:: Material for the task ::

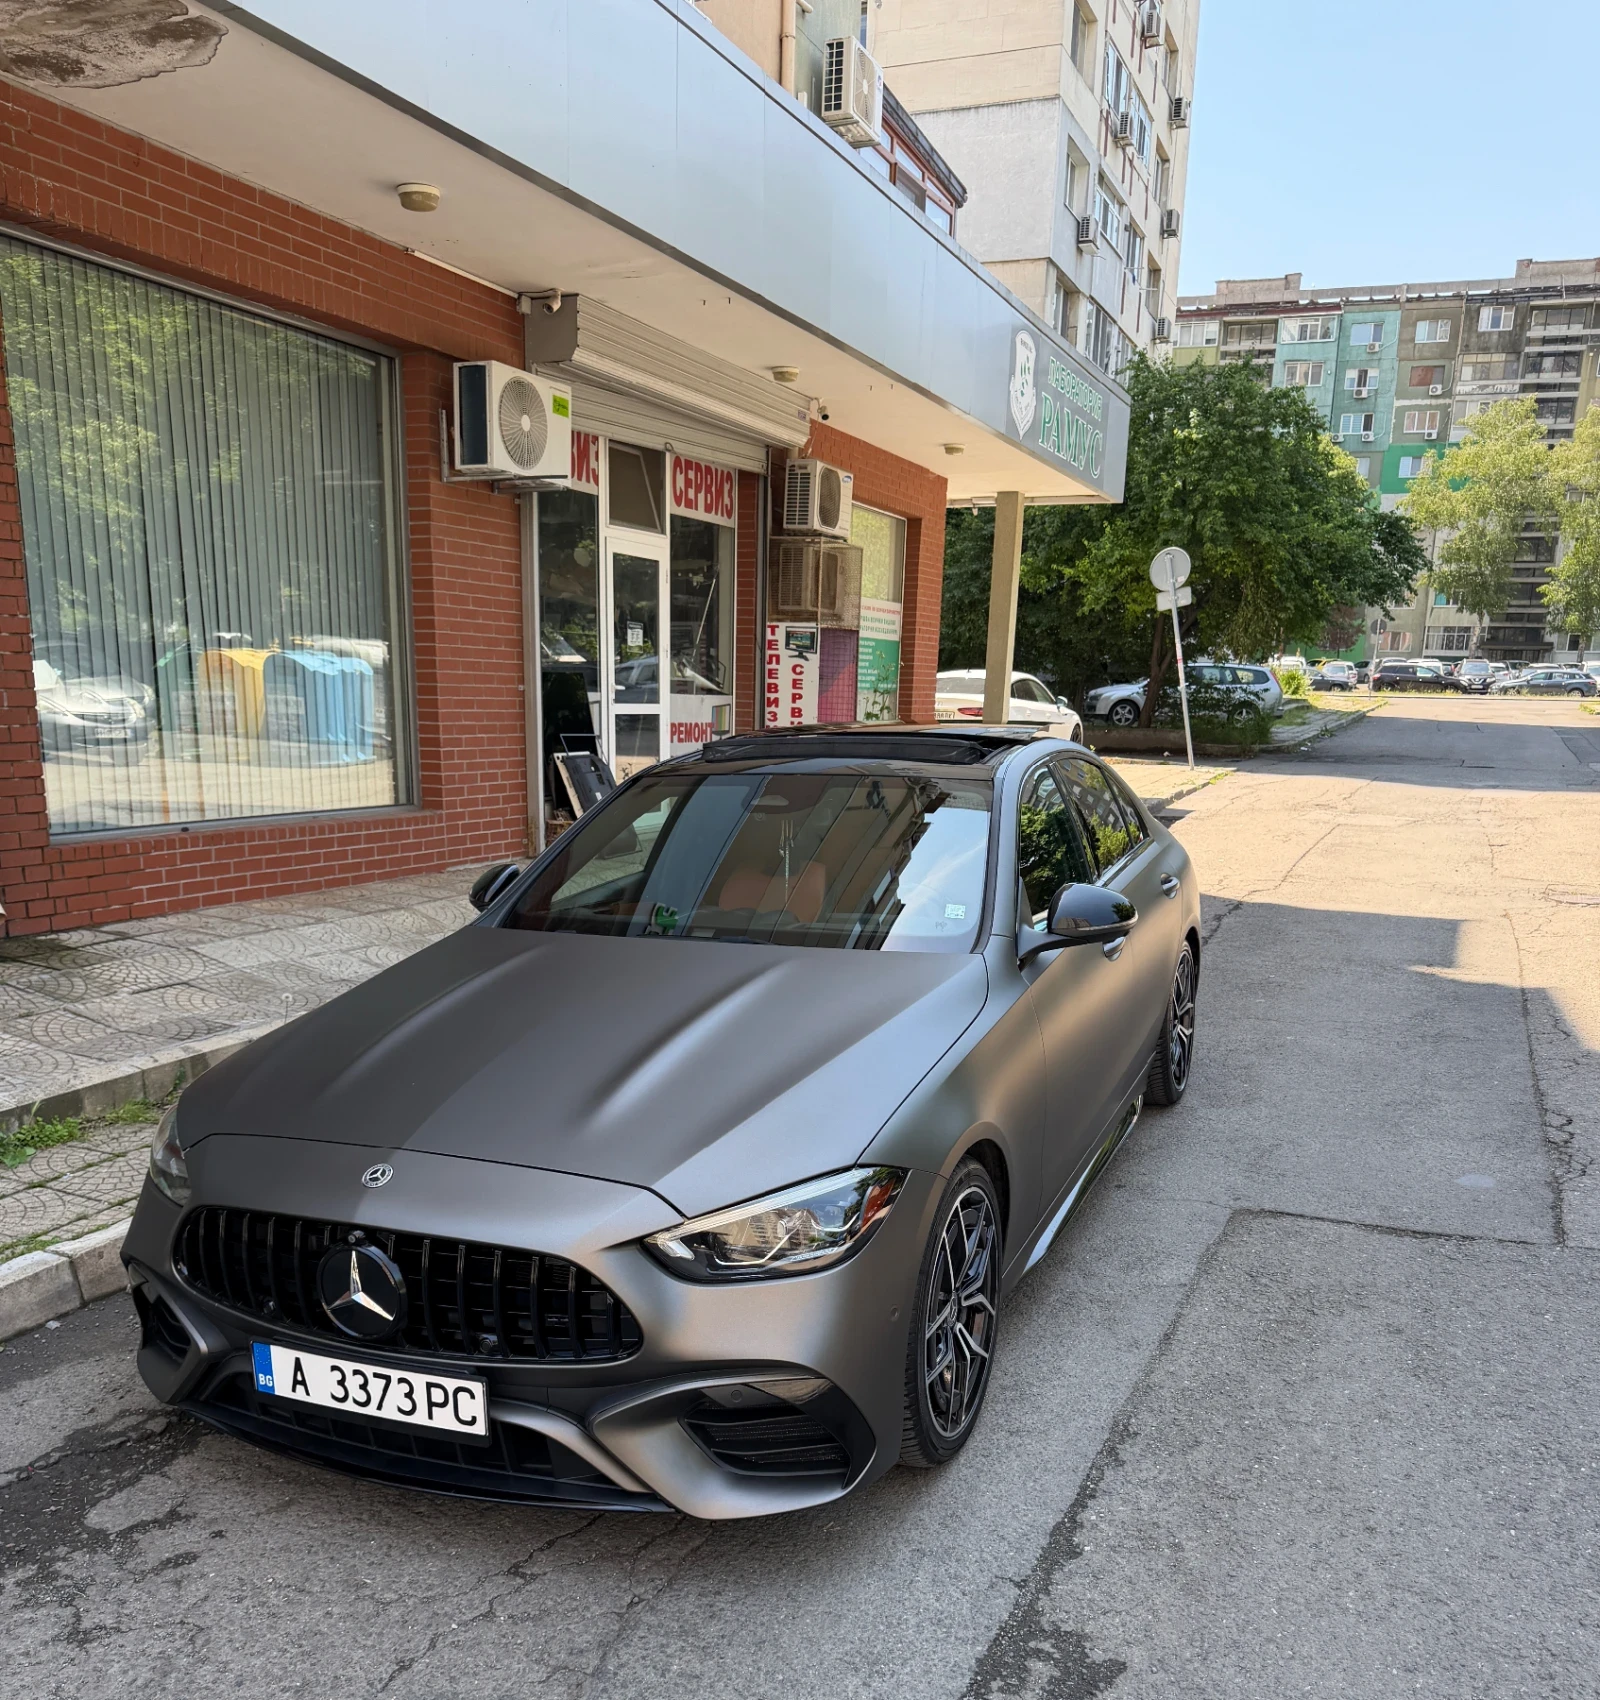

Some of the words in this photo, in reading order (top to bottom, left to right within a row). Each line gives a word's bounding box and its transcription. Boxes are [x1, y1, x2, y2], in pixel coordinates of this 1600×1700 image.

[1048, 356, 1103, 422] ЛАБОРАТОРИЯ
[1038, 391, 1103, 479] РАМУС
[672, 455, 734, 520] СЕРВИЗ
[766, 624, 781, 729] ТЕЛЕВИЗ
[670, 722, 714, 743] РЕМОНТ
[258, 1373, 274, 1388] BG

:::

Return the complete material exactly as given, excluding images.

[Solved exercise]
Some of the words in this photo, in reading order (top to bottom, left to right within a row). Each line gives a word's bounding box and its transcription. Boxes are [x1, y1, x2, y2], in pixel coordinates of this 1600×1700 image.

[1048, 356, 1103, 422] ЛАБОРАТОРИЯ
[1038, 391, 1103, 479] РАМУС
[672, 455, 734, 520] СЕРВИЗ
[766, 624, 781, 729] ТЕЛЕВИЗ
[670, 722, 714, 743] РЕМОНТ
[258, 1373, 274, 1388] BG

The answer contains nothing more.